The second pattern is chronic myocarditis, which also involves young adults.2 The heart is again grossly normal. Histological examination of both ventricles shows patchy areas of fibrosis. In some sections, small clusters of lymphocytes may be present. These victims have no history of drug abuse, and toxicological analyses are negative. Viral infection is likely to be involved in most cases of both acute and chronic myocarditis. Idiopathic giant cell myocarditis, granulomatous myocarditis, and eosinophilic myocarditis are exceptional in our experience.
Fibrosis is known to cause slow conduction in cardiomyocytes, resulting in arrhythmogenic substrate reentry circuits and subsequent ventricular desynchronization.
Even more important is the possible role of acute inflammation of the myocardium, which could, by itself, promote ventricular arrhythmias or act as a trigger if this inflammation occurs in patients with heart disease who are prone to arrhythmia, such as those with concealed forms of cardiomyopathies.3 Hoffman et al4 studied reperfusion arrhythmia and demonstrated, for the first time, the role played by the activation of neutrophils in producing early after-depolarization.

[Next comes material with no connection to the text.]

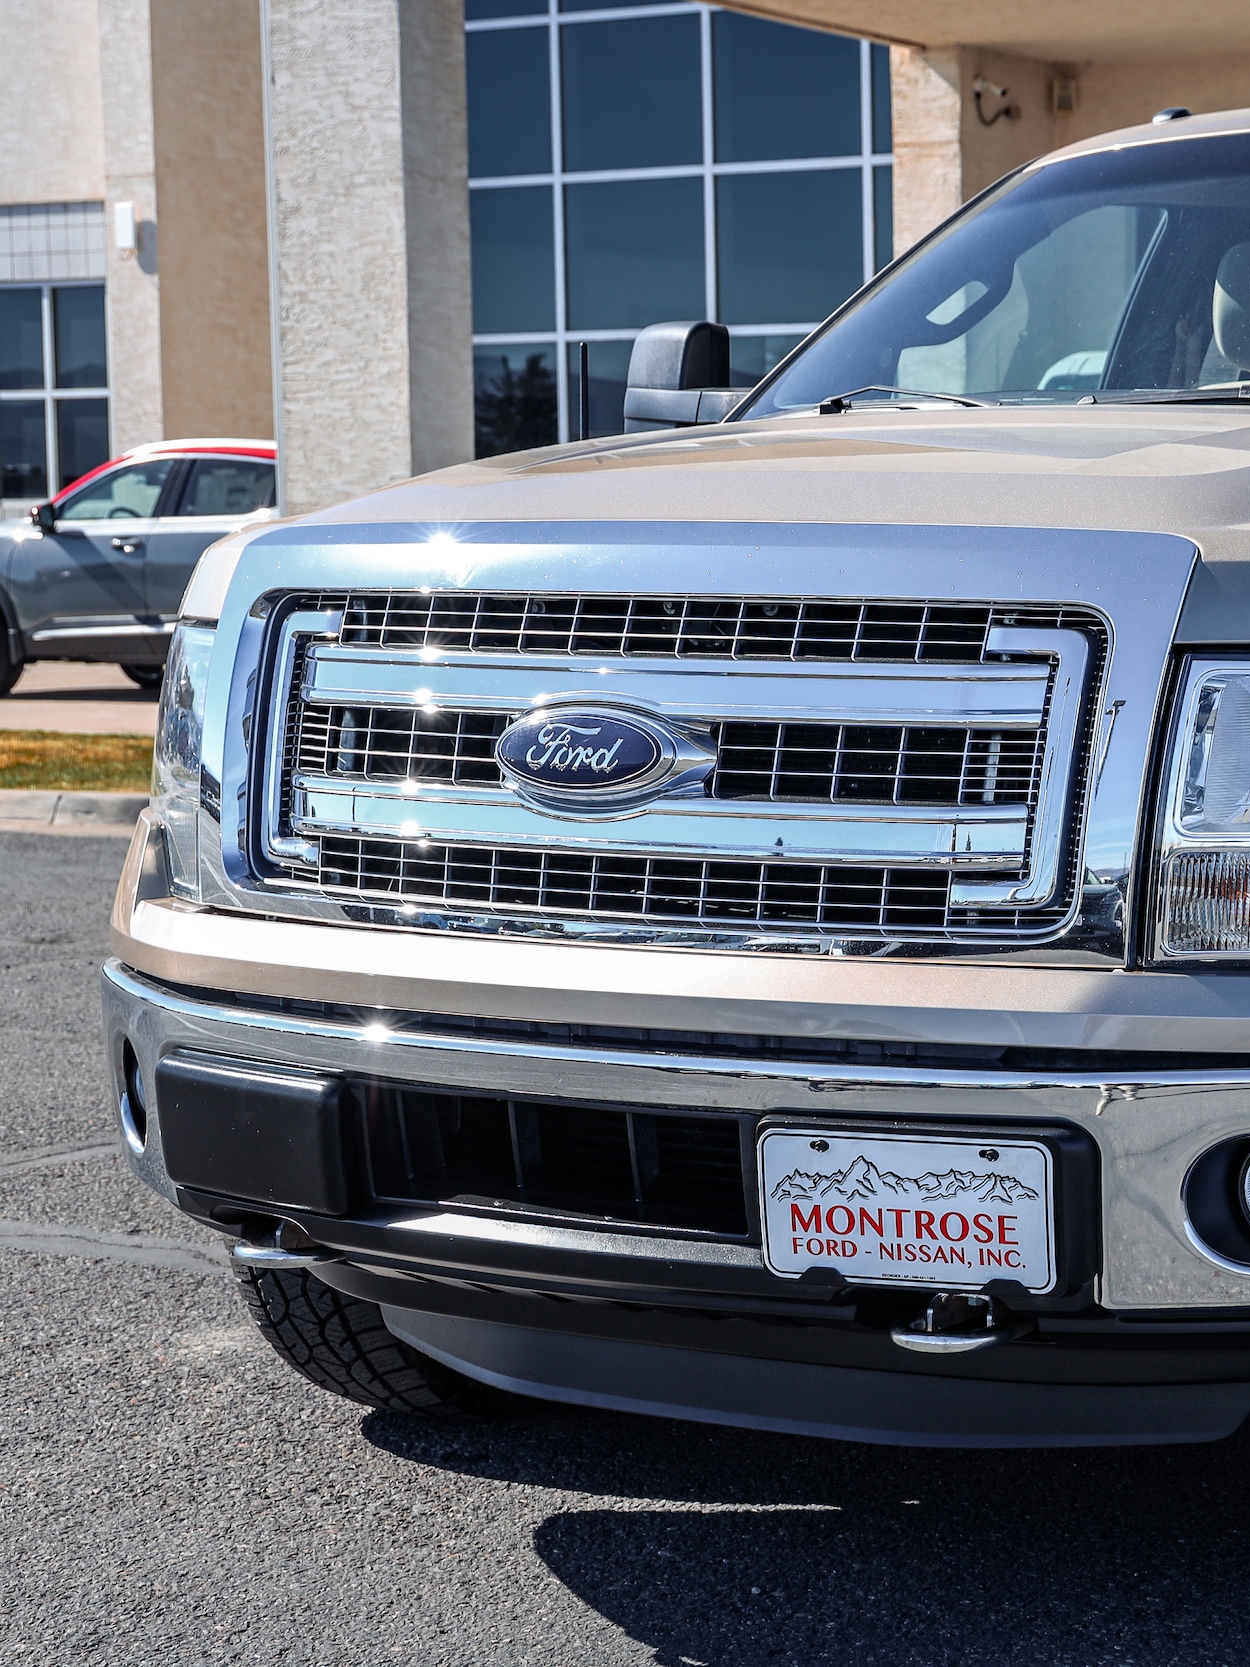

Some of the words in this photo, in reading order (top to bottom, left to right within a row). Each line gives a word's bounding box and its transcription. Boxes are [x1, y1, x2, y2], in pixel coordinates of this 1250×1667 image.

These results demonstrate a direct link between acute inflammation and an electrophysiological phenomenon that is a possible trigger of arrhythmias. From a personal correspondence with Dr Brian Hoffman (October 1997), we learned that this mechanism is also likely to be involved in patients with advanced congestive heart failure in which tumor necrosis factor-α is present and that it is also an important cause of early after-depolarizations.
- Copyright © 2001 by American Heart Association
Fontaine et al correctly called our attention to the role of myocarditis as a cause of sudden death. Indeed, in our article, we did not comment on inflammatory and infiltrative causes of sudden arrhythmic death for 2 reasons: restrictions regarding the size of the article and difficulty in obtaining reliable information on the incidence of these abnormalities as causes of sudden death.
Fontaine et al refer to their findings at the Forensic Institute of Paris, where myocarditis was found in ≈5% of sudden, out-of-hospital cardiac deaths. However, we would like to know the true incidence of myocarditis in an unselected population of sudden death victims. Myocarditis continues to be a very difficult diagnosis to make when the patient is still alive, both in the acute and the chronic state. We hope that new molecular biological and genetic techniques will provide better insight into the incidence of myocarditis and its contribution to sudden cardiac death. It will be quite difficult to unravel the arrhythmogenic mechanism(s) in this setting.